Young Cuban-trained doctors graduate in South Africa

More than 100 young people from seven of South Africa’s nine provinces graduated from medical school in Cuba on Friday.

At the ceremony, held at the University of the Witwatersrand, they received their professional degree from Dr. Heidi Soca of the Cuban Universities of Medical Sciences, who was accompanied at the ceremony by Dr. Fidela Reyes of the Cuban Ministry of Public Health.
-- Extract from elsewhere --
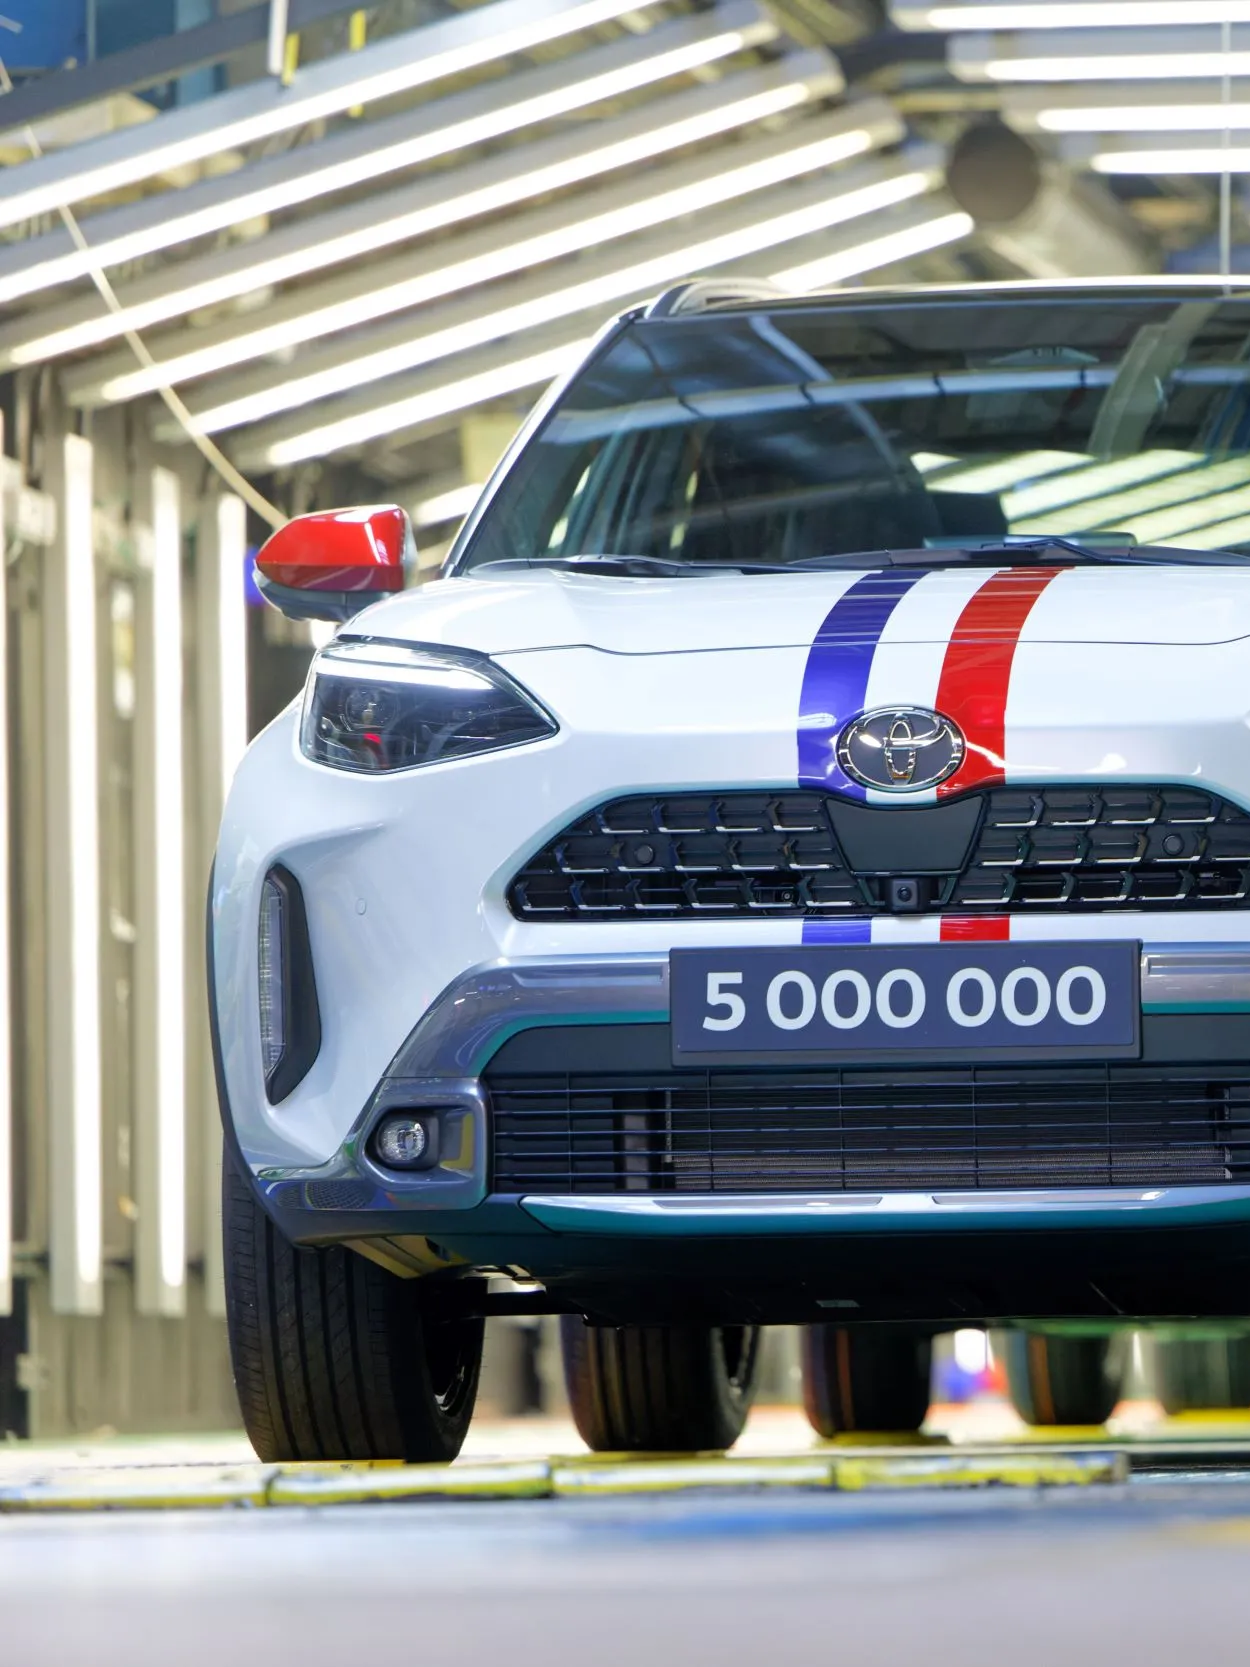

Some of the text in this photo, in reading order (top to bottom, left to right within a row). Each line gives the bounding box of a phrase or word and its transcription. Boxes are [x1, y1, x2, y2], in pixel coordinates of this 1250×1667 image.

According to the representatives of the South African Ministry of Health, the graduates, received a unique perspective based on preventive care during their training in Cuba.

n their words, they thanked Cuba for training “compassionate and resilient doctors” who will now help ensure that every South African has access to medical services.
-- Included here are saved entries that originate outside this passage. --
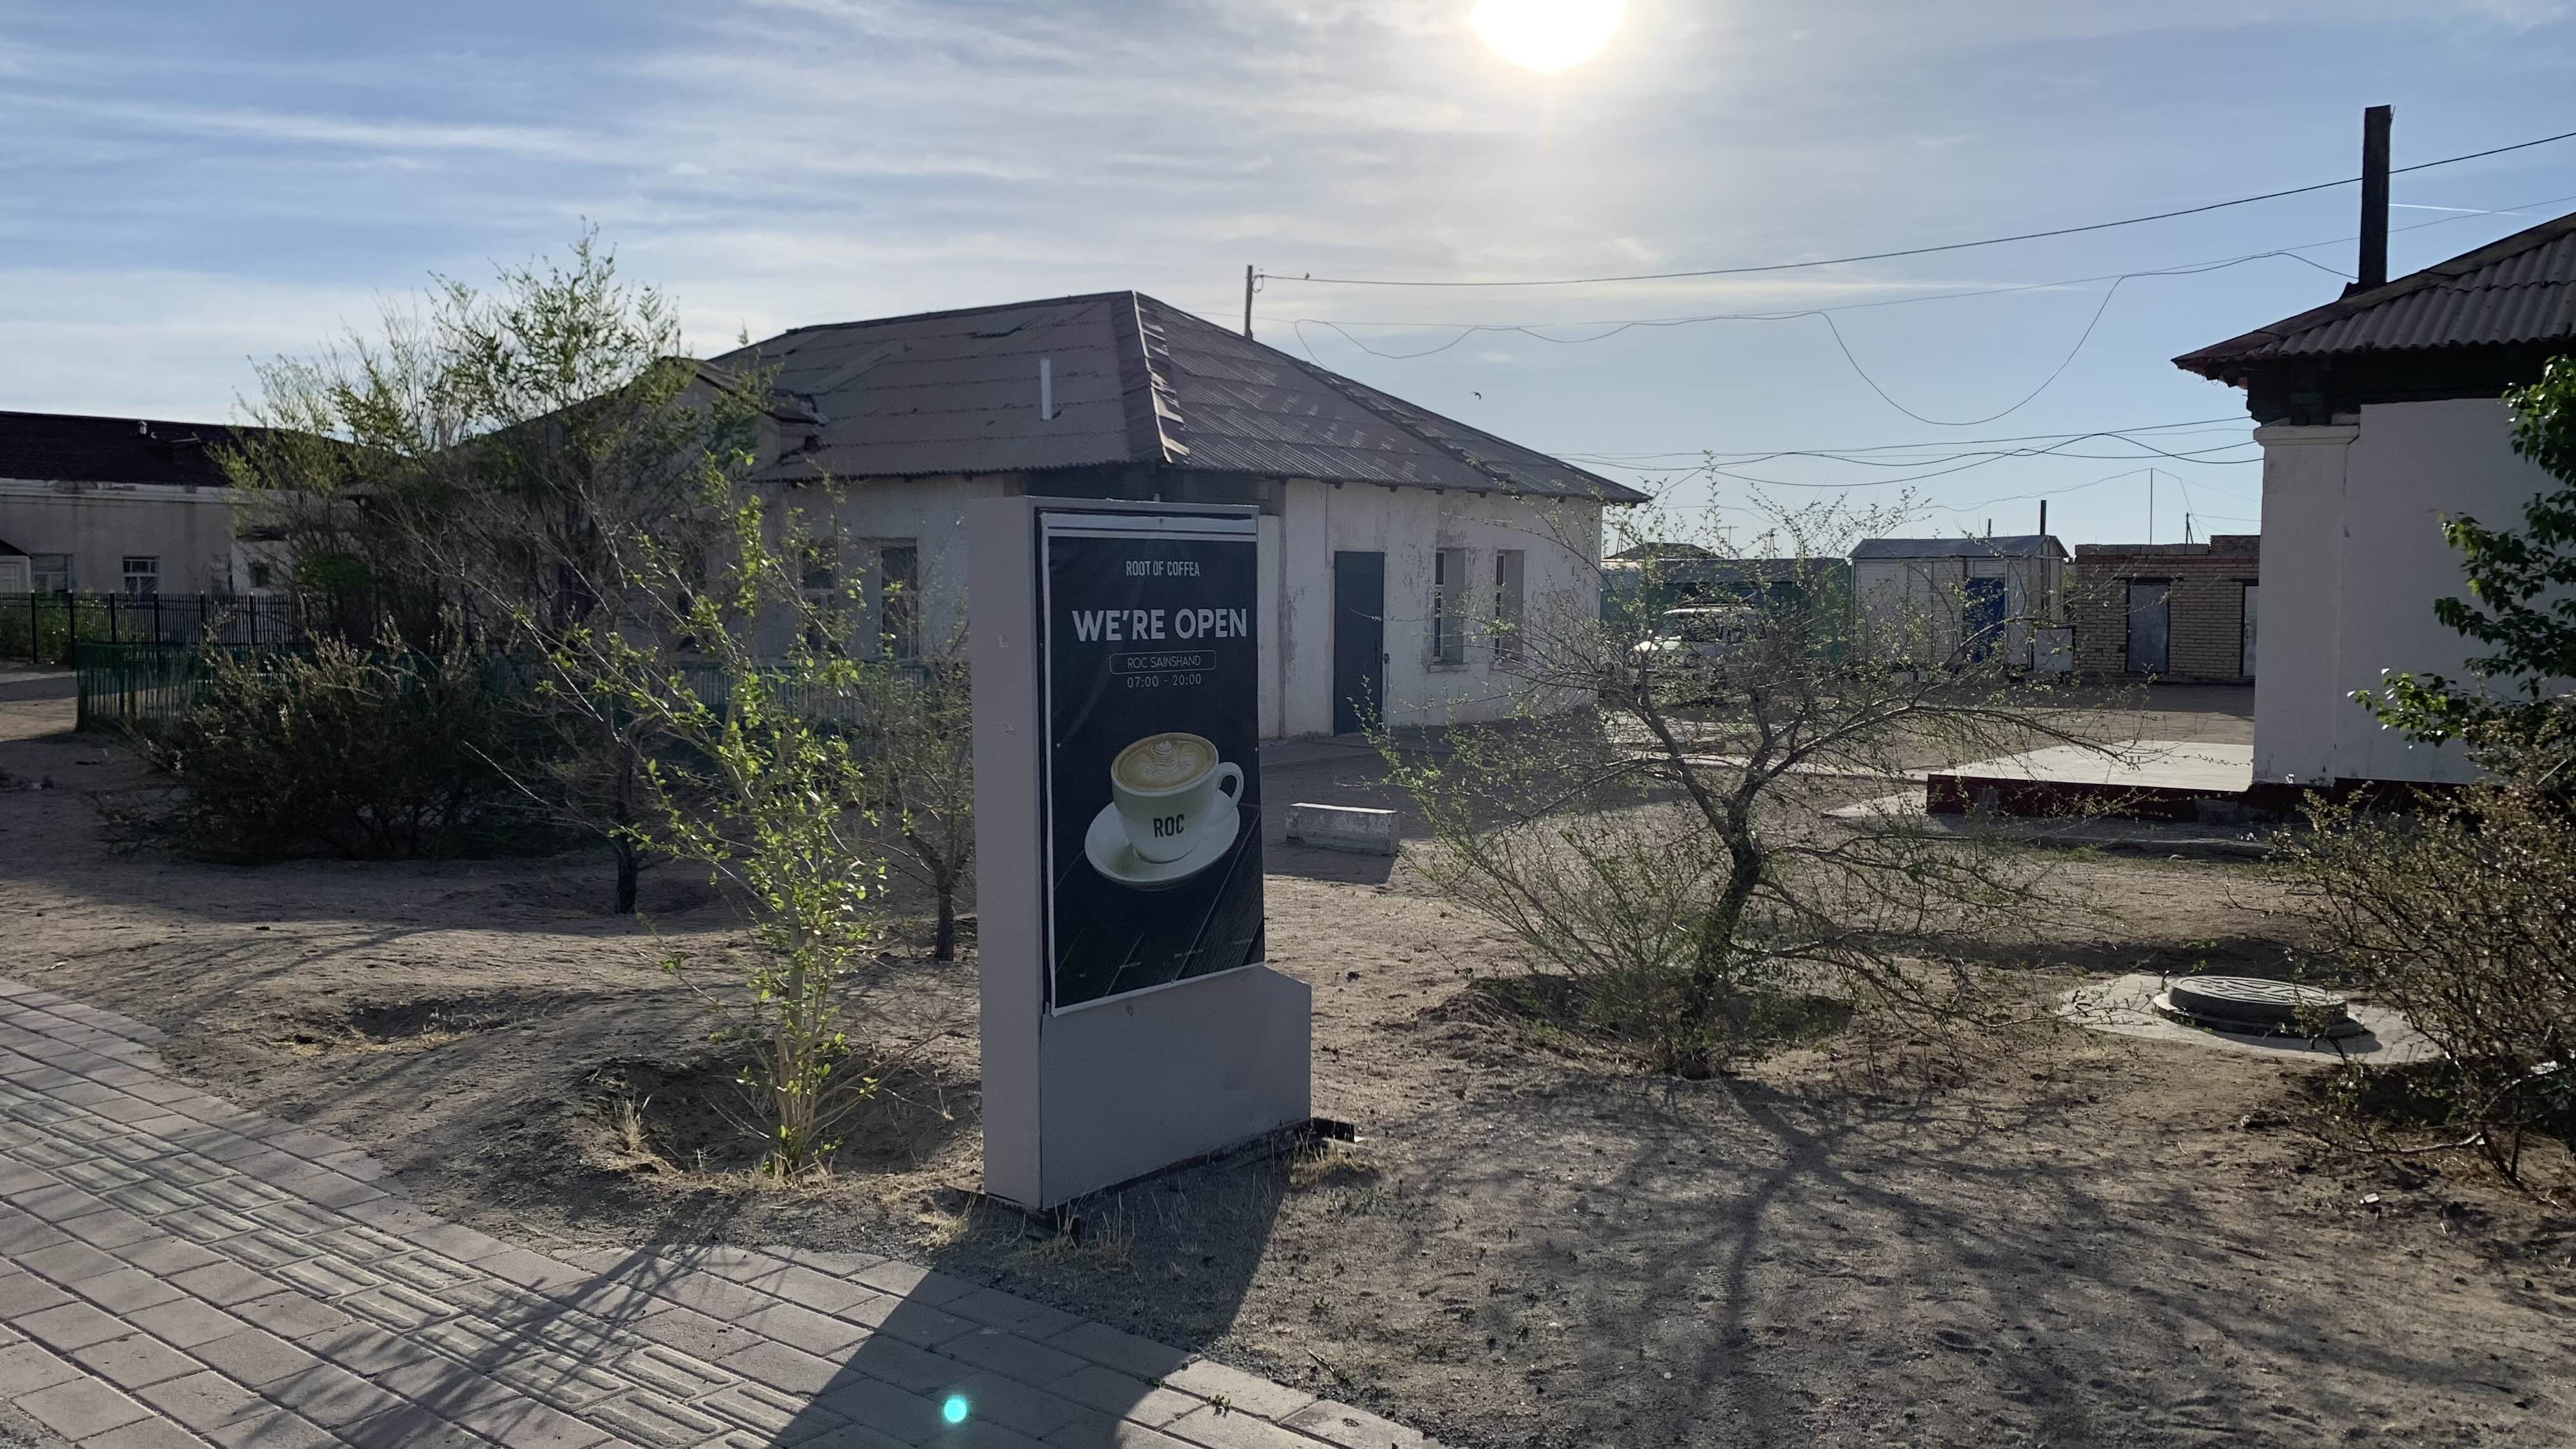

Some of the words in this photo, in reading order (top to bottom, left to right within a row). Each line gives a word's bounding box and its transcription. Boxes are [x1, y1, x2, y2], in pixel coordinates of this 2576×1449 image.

[1126, 560, 1151, 576] ROOT
[1153, 561, 1164, 576] OF
[1167, 562, 1200, 576] COFFEA
[1175, 608, 1247, 639] OPEN
[1127, 657, 1147, 669] ROC
[1150, 656, 1201, 668] SAINSHAND
[1127, 675, 1158, 688] 07:00
[1172, 674, 1202, 686] 20:00
[1153, 814, 1184, 838] ROC
The newly graduated doctors affirmed that they are proof of the vision of two extraordinary leaders, Nelson Mandela and Fidel Castro, and an example of what can be achieved in collaboration in human development.

The 103 new specialists thus join the more than 3,100 young South Africans who have studied medicine in Cuban universities as part of the Fidel Castro-Nelson Mandela Program, conceived in 1996.

This agreement was established by the then presidents after the disappearance of apartheid in South Africa in 1994.

The first students were sent to Cuba to become doctors by the South African Ministry of Health in 1998.Along with the South Africans, tens of thousands of young people from more than 120 nations have studied medicine on the island as a result of Cuba’s commitment to the protection, anywhere in the world, of the main human right, the right to life.